BERLIN – The tumor necrosis factor inhibitor certolizumab pegol significantly lessened both joint and skin symptoms of psoriatic arthritis in a pivotal phase-III clinical trial.
"This will be the basis for seeking regulatory approval for this drug in the treatment of psoriatic arthritis. It’s a very important development because we don’t have quite the armamentarium of drugs for treating psoriatic arthritis that we do in treating rheumatoid arthritis," Dr. Philip J. Mease observed when he presented the results of the study, known as RAPID-PsA, at the annual European Congress of Rheumatology.
The ACR 20, ACR 50, and ACR 70 responses (that is, 20%, 50%, and 70% improvements, respectively, in certain parameters specified by the American College of Rheumatology) to certolizumab were two- to fourfold higher than in placebo-treated controls. Also impressive were the proportion of certolizumab-treated patients with at least a PASI 75 (that is, a 75% improvement in the Psoriasis Area and Severity Index), as well as the documented improvement in physical functioning. But perhaps most striking of all was the kinetics of the response to certolizumab.
"As early as 1 week with this agent, it separates from placebo. There’s a very fast onset of action with certolizumab," noted Dr. Mease of the University of Washington, Seattle.
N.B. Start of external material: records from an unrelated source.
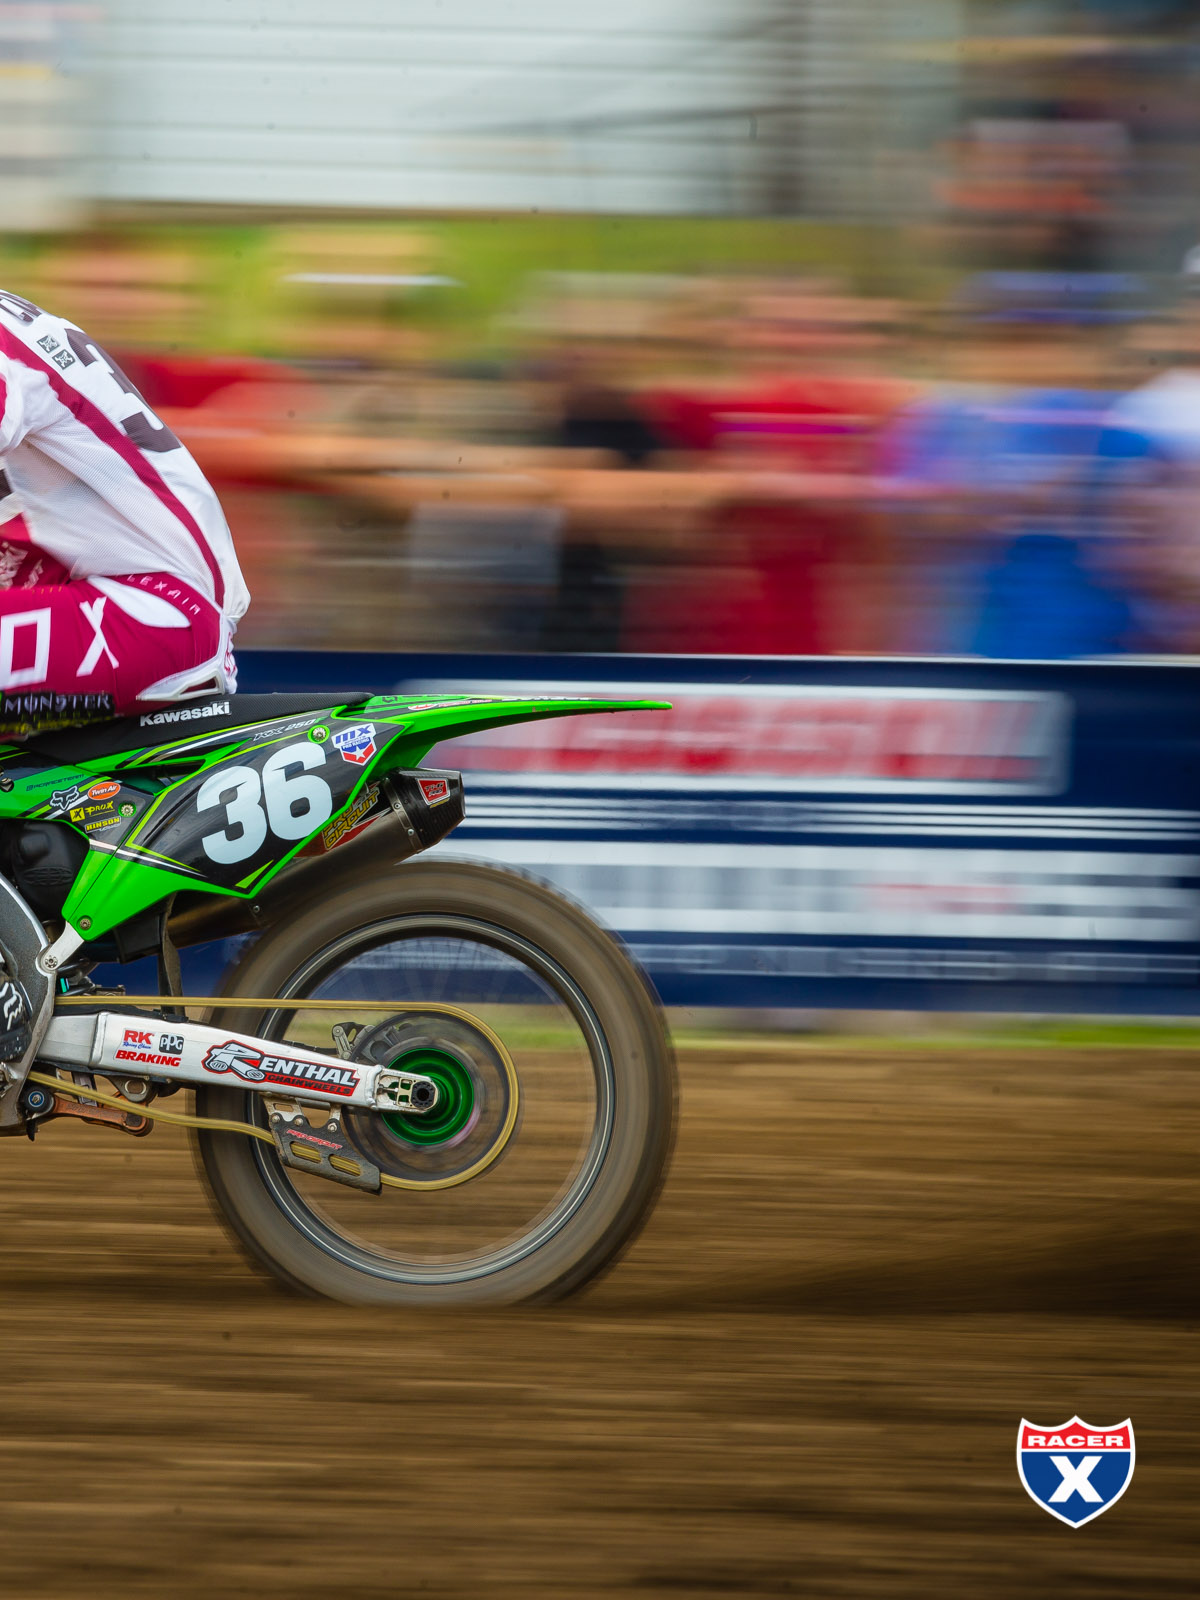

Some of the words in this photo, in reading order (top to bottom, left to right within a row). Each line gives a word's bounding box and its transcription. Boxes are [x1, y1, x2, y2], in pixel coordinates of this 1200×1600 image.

[139, 701, 231, 727] Kawasaki
[253, 727, 286, 742] KX
[91, 789, 107, 797] Twin
[196, 741, 333, 865] 36
[86, 817, 120, 832] HINSON
[325, 791, 379, 848] CIRCUIT
[124, 1030, 152, 1044] RK
[116, 1049, 182, 1067] BRAKING
[207, 1042, 356, 1087] RENTHAL
[267, 1074, 351, 1095] CHAINWHEELS
The 24-week, three-armed, phase III, double-blind clinical trial included 409 psoriatic arthritis (PsA) patients. They were randomized to placebo or to a loading dose of 400 mg of subcutaneous certolizumab (Cimzia) at weeks 0, 2, and 4, then were further randomized to continue certolizumab at either 200 mg every 2 weeks or 400 mg every 4 weeks.
These patients had severe PsA, with a mean baseline of 20 tender and 11 swollen joints. Nearly two-thirds of subjects had enthesitis and one-third had dactylitis. Their median baseline PASI was in the 7-8 range, with C-reactive protein levels ranging from 7 mg/L to 9 mg/L. All subjects had failed at least one disease-modifying antirheumatic drug, and about half had failed two or more. Moreover, 20% of subjects had previously received a TNF inhibitor that over time had become ineffective.
"That makes it presumably tougher to achieve the kinds of responses we see in most other trials where patients are required to be naive to anti-TNF medications. But this design more approximates a real-world situation in which some of the patients you’re treating receive certolizumab as first-line therapy, but others may receive it as second- or third-line anti-TNF medication," the rheumatologist explained.
The ACR 20 response to the pegylated humanized TNF inhibitor at week 12 (the prespecified primary study end point) was closely similar in the twice-monthly and once-monthly dosing groups, as was the ACR 50 response. However, the twice-monthly 200-mg regimen was superior at achieving ACR 70. (See box.)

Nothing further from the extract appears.